◆ WORK INSTRUCTIONS:
From the first line to the last, transcribe the data exactly and skip the pictures.

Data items
-*-
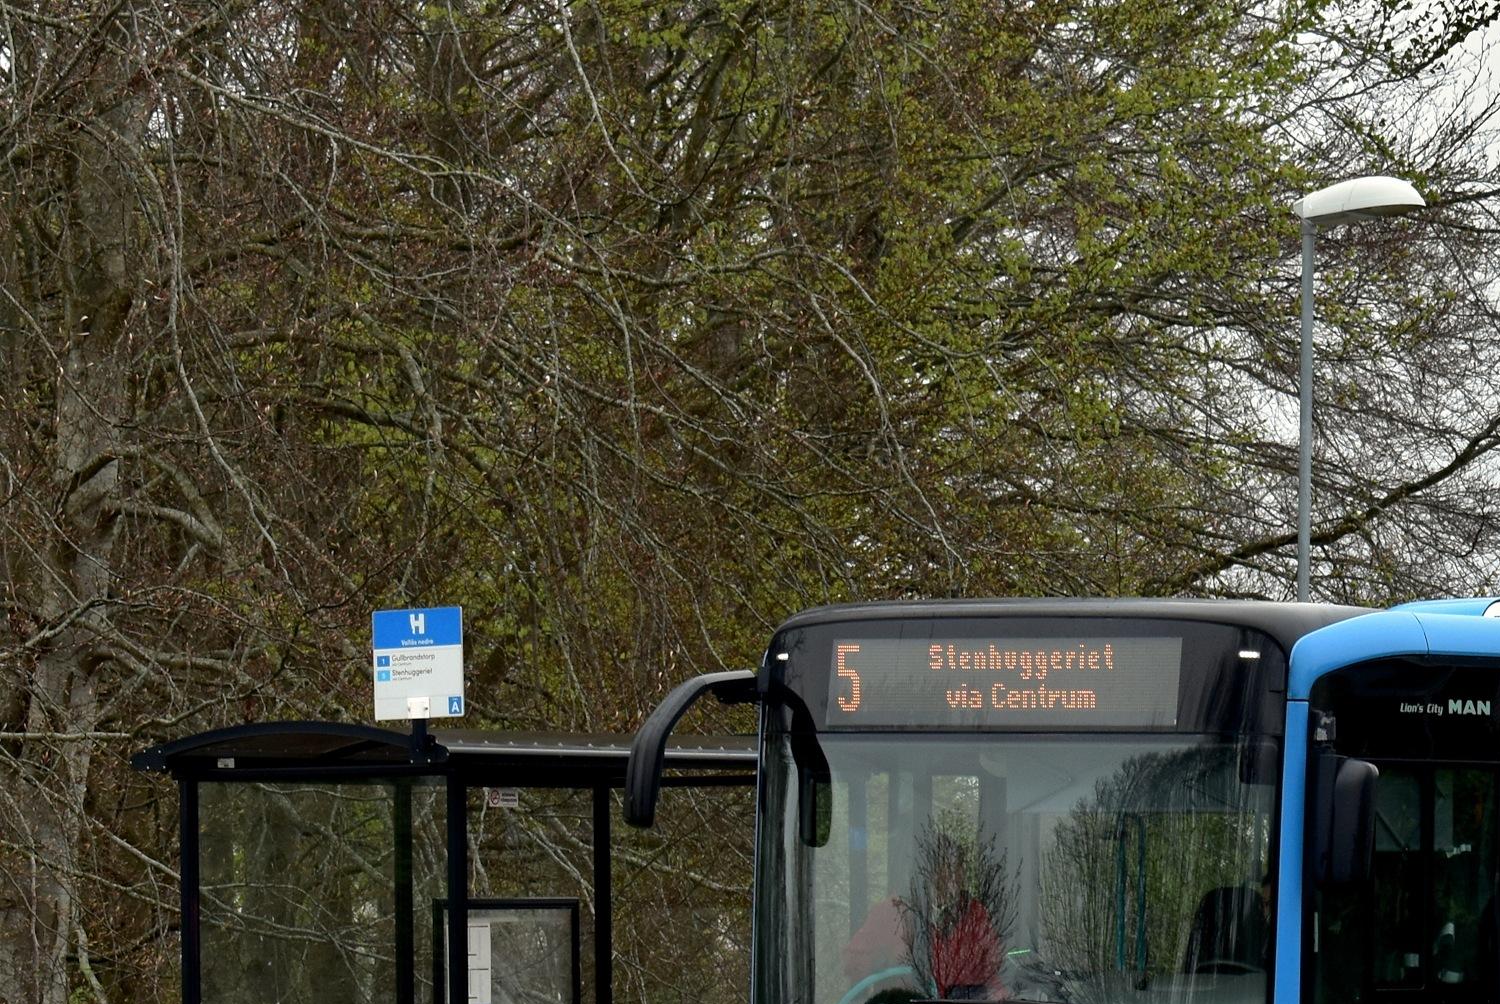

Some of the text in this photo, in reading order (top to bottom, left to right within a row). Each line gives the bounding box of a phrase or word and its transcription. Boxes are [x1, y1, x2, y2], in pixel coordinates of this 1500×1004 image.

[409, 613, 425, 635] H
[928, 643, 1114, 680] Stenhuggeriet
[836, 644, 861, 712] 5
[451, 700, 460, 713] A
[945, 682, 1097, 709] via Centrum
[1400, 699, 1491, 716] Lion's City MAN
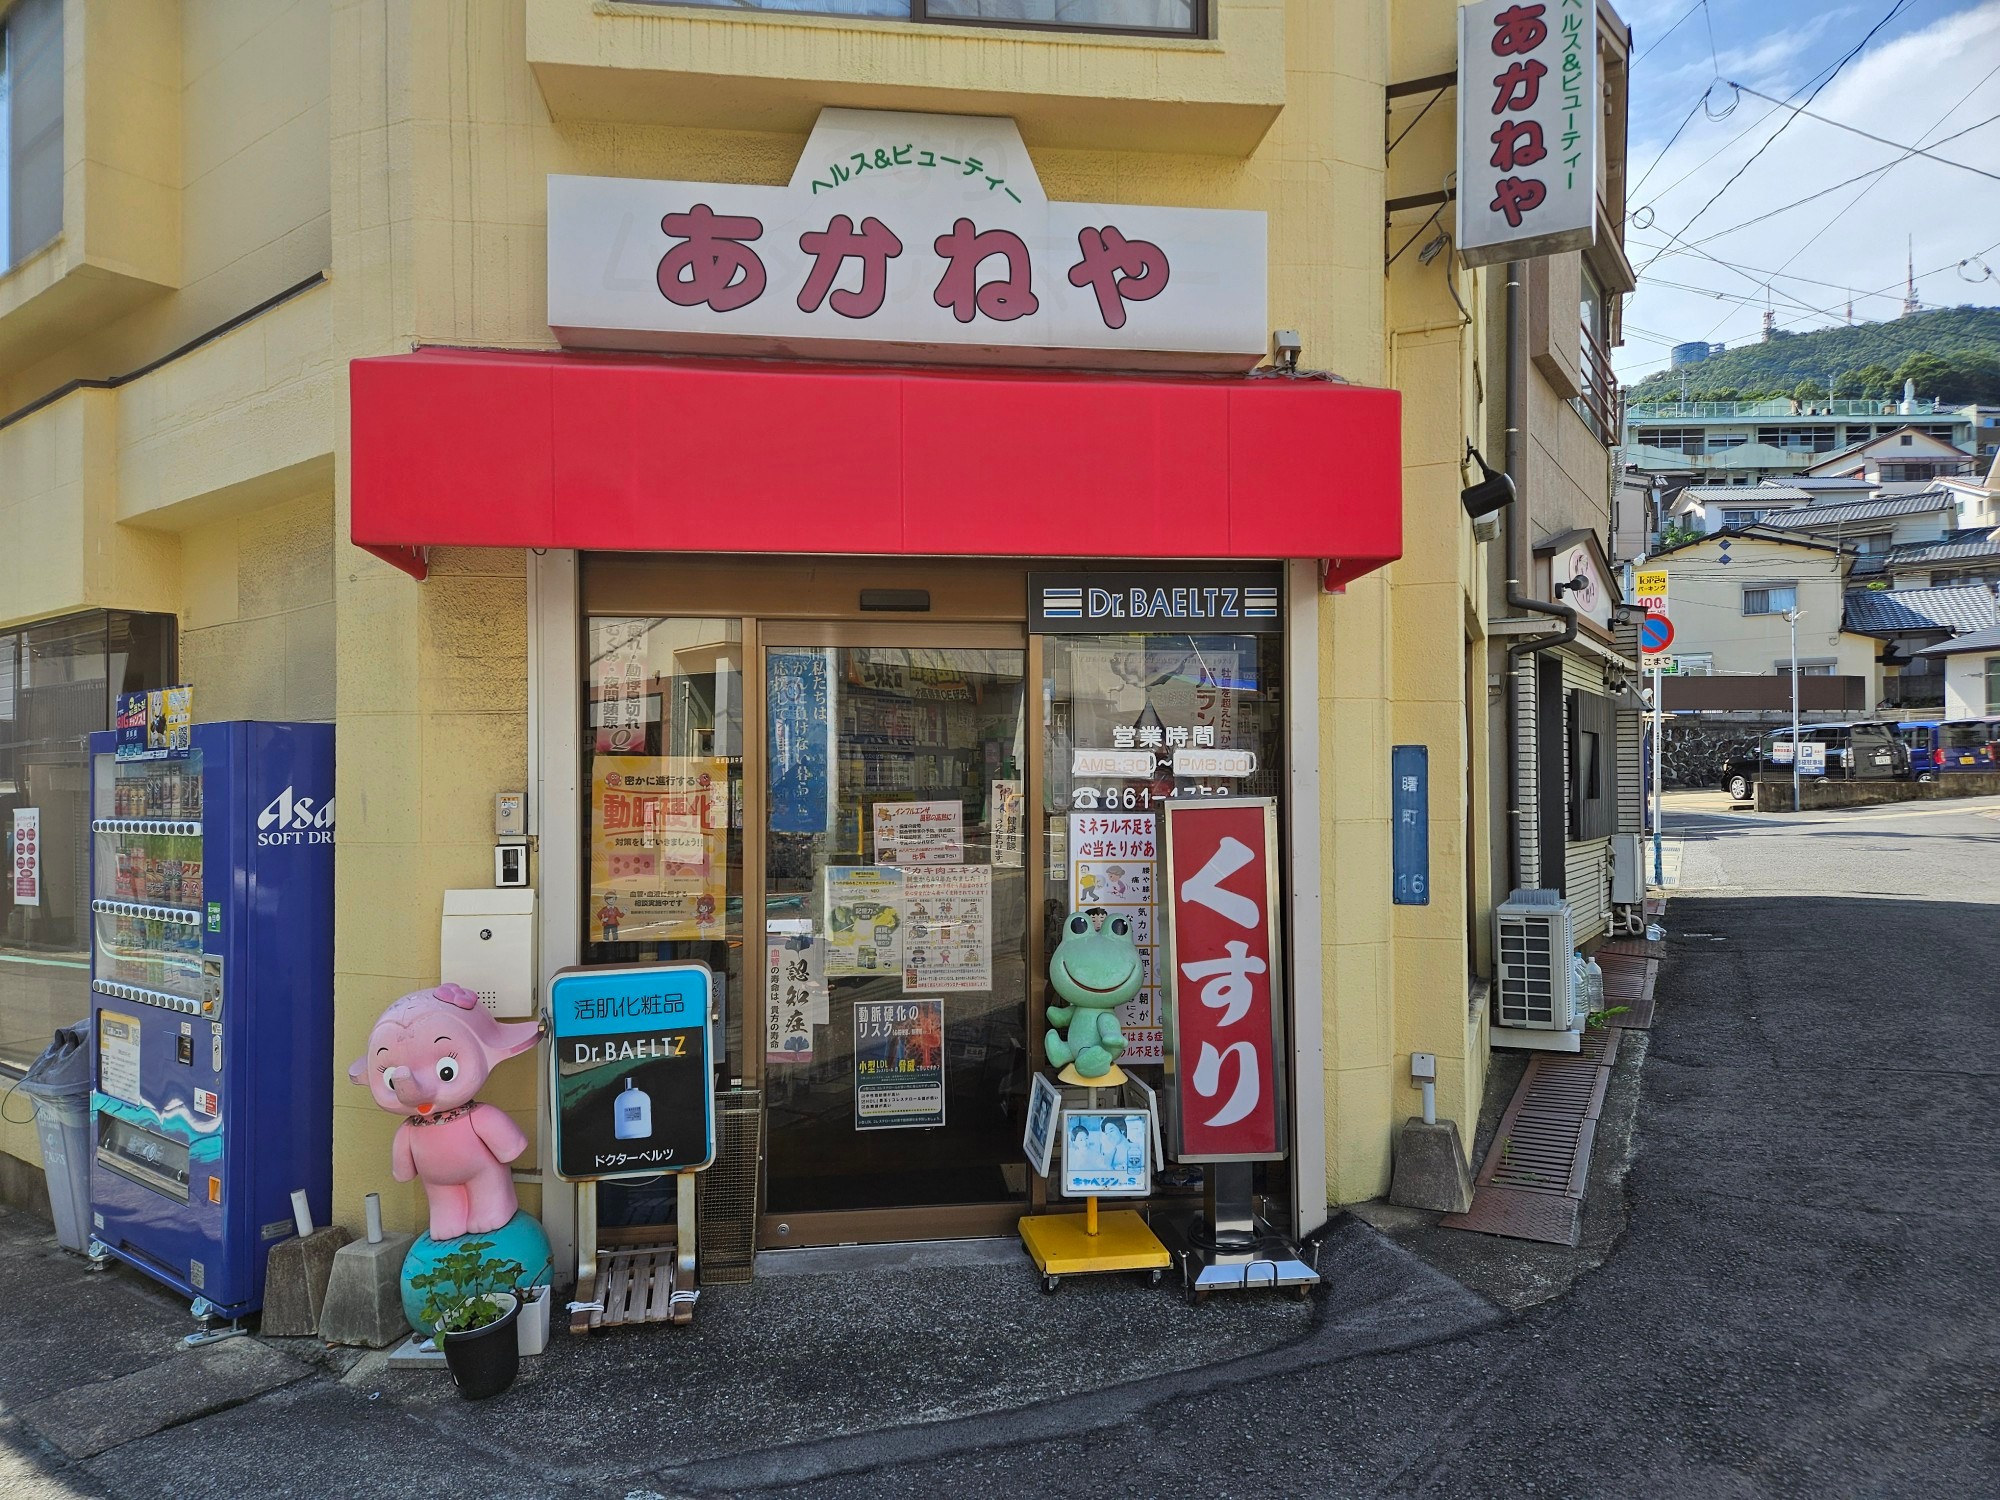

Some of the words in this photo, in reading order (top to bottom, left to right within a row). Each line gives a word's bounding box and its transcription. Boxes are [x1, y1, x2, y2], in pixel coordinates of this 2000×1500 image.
-*-
◆ TASK SOLUTION:
Some of the text in this photo, in reading order (top to bottom, left to right within a row). Each line gives the bounding box of a phrase or word and its transcription. Boxes are [x1, y1, x2, y2], in pixel coordinates of this 1500×1004 image.

[409, 613, 425, 635] H
[928, 643, 1114, 680] Stenhuggeriet
[836, 644, 861, 712] 5
[451, 700, 460, 713] A
[945, 682, 1097, 709] via Centrum
[1400, 699, 1491, 716] Lion's City MAN

Some of the words in this photo, in reading order (top to bottom, left to right within a row). Each line gives a word's bounding box and its transcription. Boxes are [x1, y1, x2, y2], in pixel coordinates of this 2000×1500 image.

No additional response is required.